Technetium-99 has been used as a radiographic agent in bone scans \(\left({ }_{4,}^{99} \mathrm{Tc}\right.\) is absorbed by bones). If \({ }_{43}^{99} \mathrm{Tc}\) has a half-life of \(6.0\) hours, what fraction of an administered dose of \(100 . \mu \mathrm{g}_{43}^{99} \mathrm{Tc}\) remains in a patient's body after \(2.0\) days?

Short Answer

Expert verified
After \(2.0\) days, approximately \(0.390\mu g\) of \({}_{43}^{99}\mathrm{Tc}\) remains in the patient's body, which is a fraction of \(\frac{1}{256}\) of the initial administered dose of \(100\mu g\).

Step by step solution

01

Convert time from days to hours

First, we need to convert the given time from days to hours, as the half-life is provided in hours. Given time, \(t = 2.0\) days. There are \(24\) hours in a day, so we have: \[t = 2.0 \times 24 = 48\; \mathrm{hours}\]
02

Determine the number of half-lives

Now, we need to find out how many half-lives have passed in \(48\) hours.

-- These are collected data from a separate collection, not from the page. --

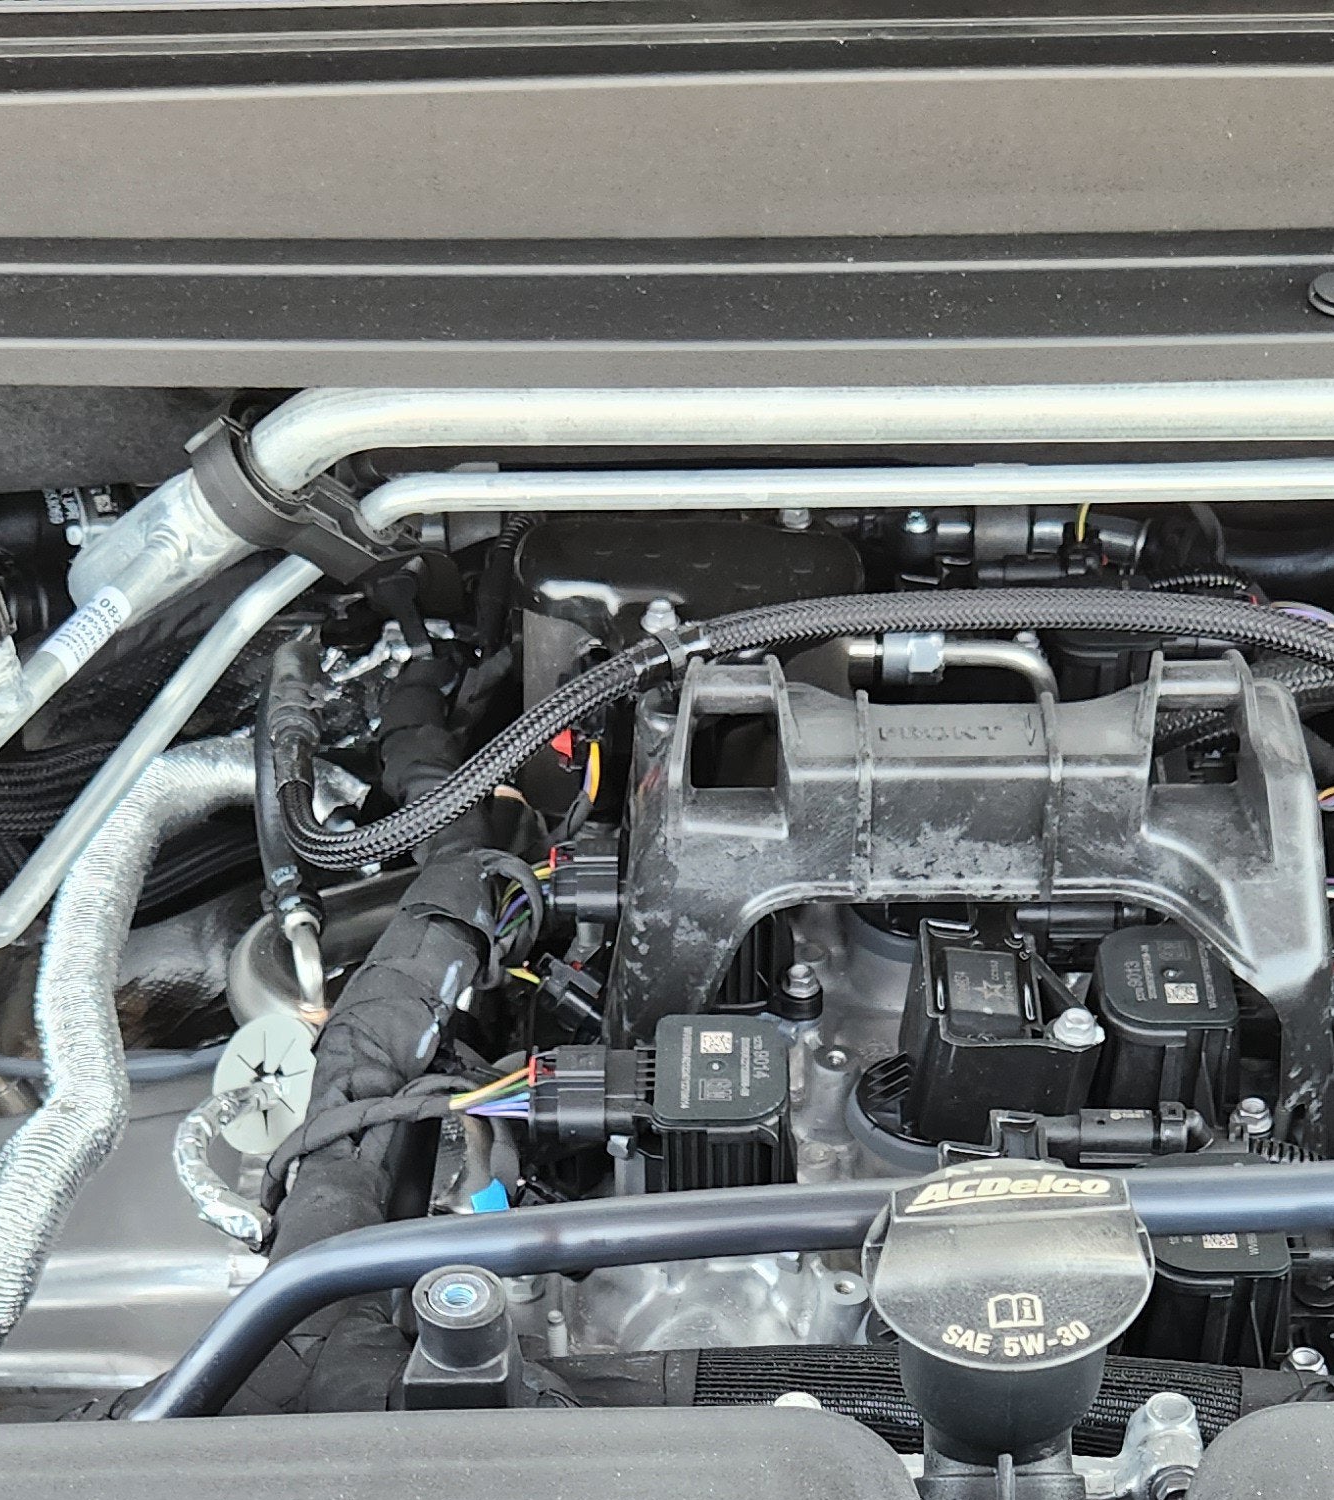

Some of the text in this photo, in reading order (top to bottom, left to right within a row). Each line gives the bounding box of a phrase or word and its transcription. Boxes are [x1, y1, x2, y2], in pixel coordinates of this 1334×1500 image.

[909, 1174, 1112, 1210] ACDelco
[942, 1320, 1091, 1357] SAE 5W-30
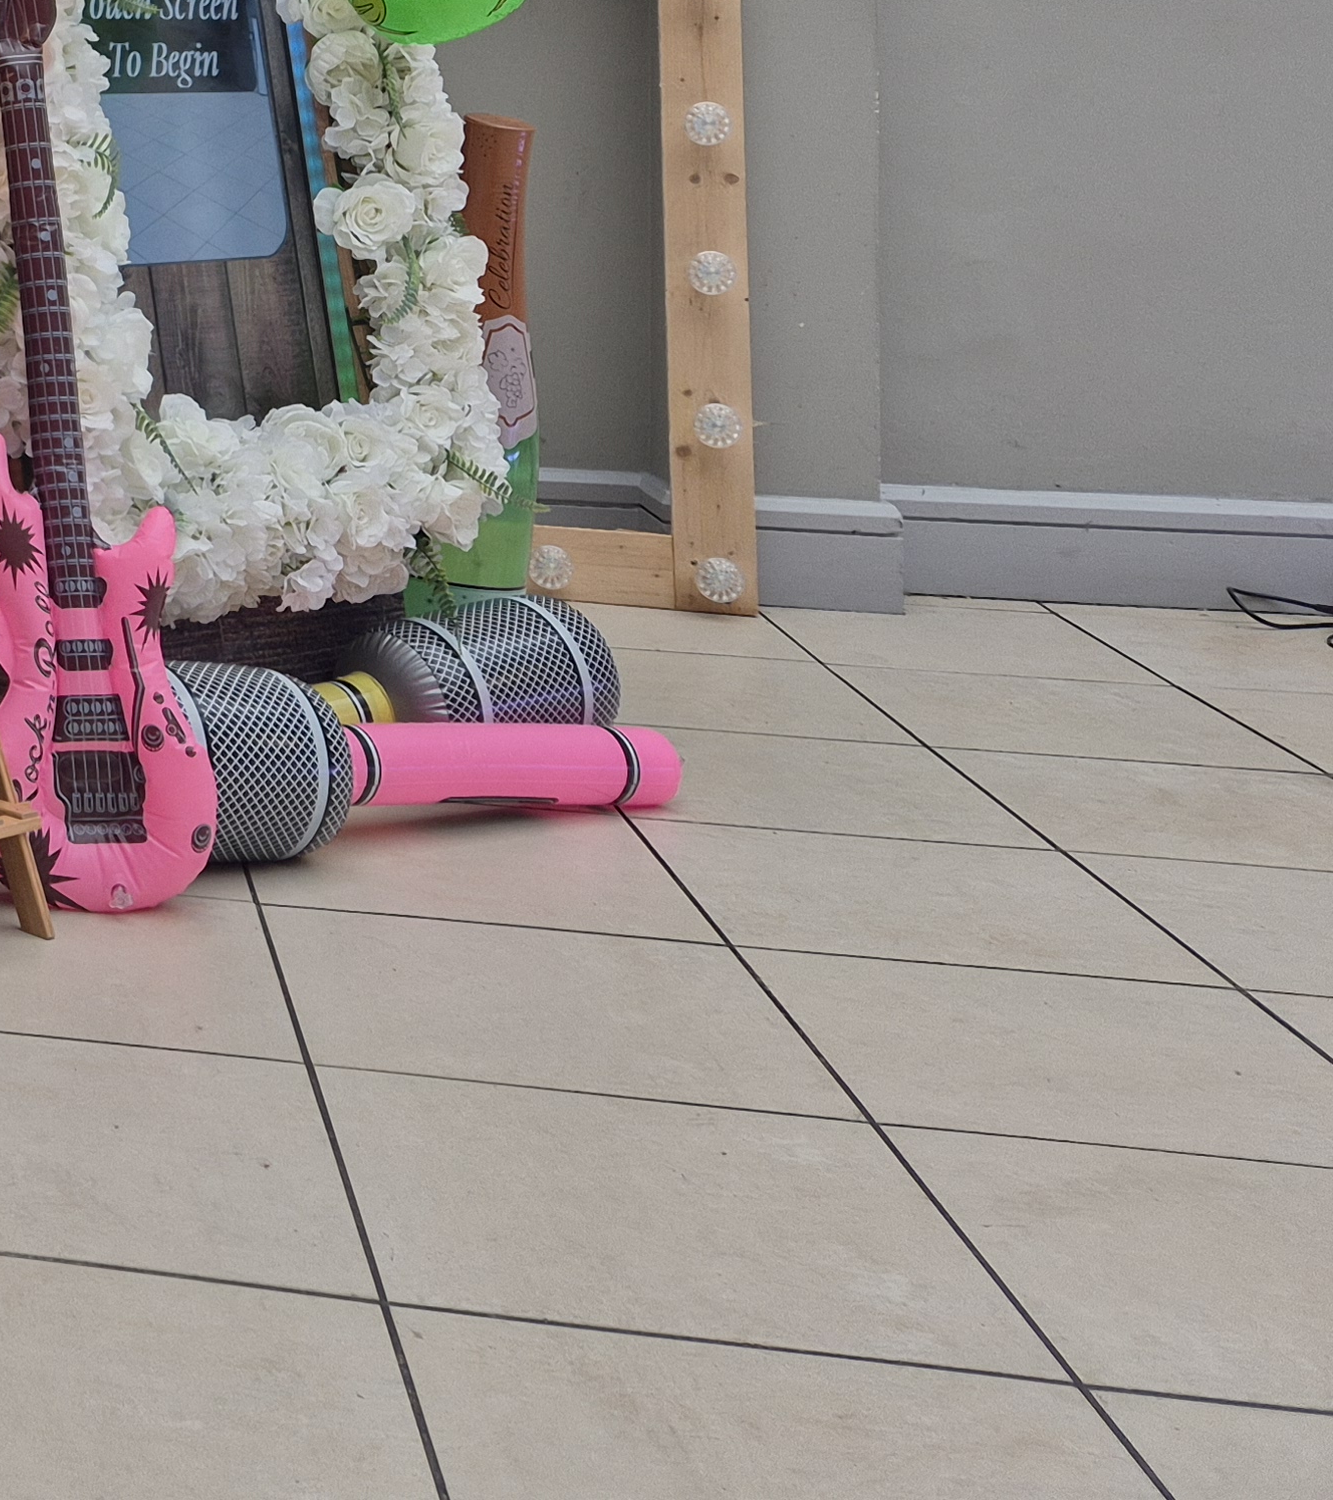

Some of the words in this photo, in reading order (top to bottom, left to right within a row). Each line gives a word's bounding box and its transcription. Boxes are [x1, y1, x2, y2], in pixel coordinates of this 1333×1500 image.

[109, 41, 142, 78] To
[149, 41, 220, 89] Begin
[488, 182, 515, 311] Celebration
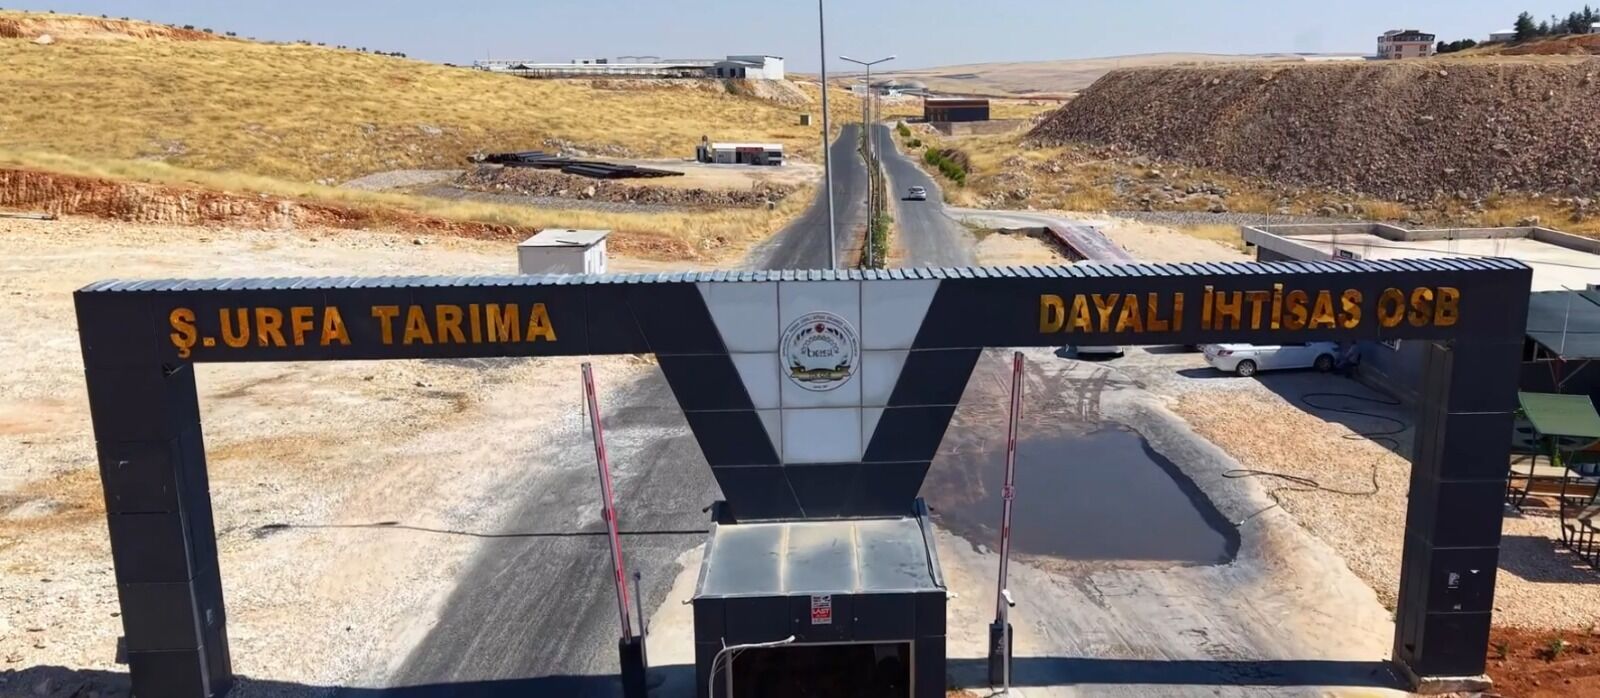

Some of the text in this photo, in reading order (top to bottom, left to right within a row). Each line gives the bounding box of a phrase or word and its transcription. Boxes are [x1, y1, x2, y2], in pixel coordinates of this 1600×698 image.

[169, 302, 558, 359] Ş.URFA TARIMA
[1038, 283, 1461, 334] DAYALI İHTİSAS OSB

To do this, we will divide the total time passed (48 hours) by the half-life of Technetium-99 (6 hours). \[\text{Number of Half-lives} = \frac{\text{Total Time Passed}}{\text{Half-life Period}} = \frac{48}{6} = 8\]
03

Calculate the remaining fraction

We know that after 1 half-life, half of the initial substance remains. Therefore, after 2 half-lives, half of the remaining half will remain, and so on. To find the remaining fraction of the initial dose after 8 half-lives, we will simply calculate the following: \[ \text{Remaining Fraction} = \left(\frac{1}{2}\right)^\textit{n}\] where \(\textit{n}\) is the number of half-lives. Substituting the value of \(\textit{n} = 8\): \[ \text{Remaining Fraction} = \left(\frac{1}{2}\right)^8 = \frac{1}{256}\]
04

Find the remaining dose of Technetium-99

Now that we have the remaining fraction, we can calculate the remaining dose of Technetium-99 after 2 days. To do this, we simply multiply the initial dose (100µg) by the remaining fraction: \[ \text{Remaining Dose} = \text{Initial Dose} \times \text{Remaining Fraction} = 100\mu g \times \frac{1}{256}\] \[ \text{Remaining Dose} = \frac{100\mu g}{256} \approx 0.390\mu g\] So, after 2 days, approximately \(0.390\) micrograms of \({}_{43}^{99}\mathrm{Tc}\) remains in the patient's body.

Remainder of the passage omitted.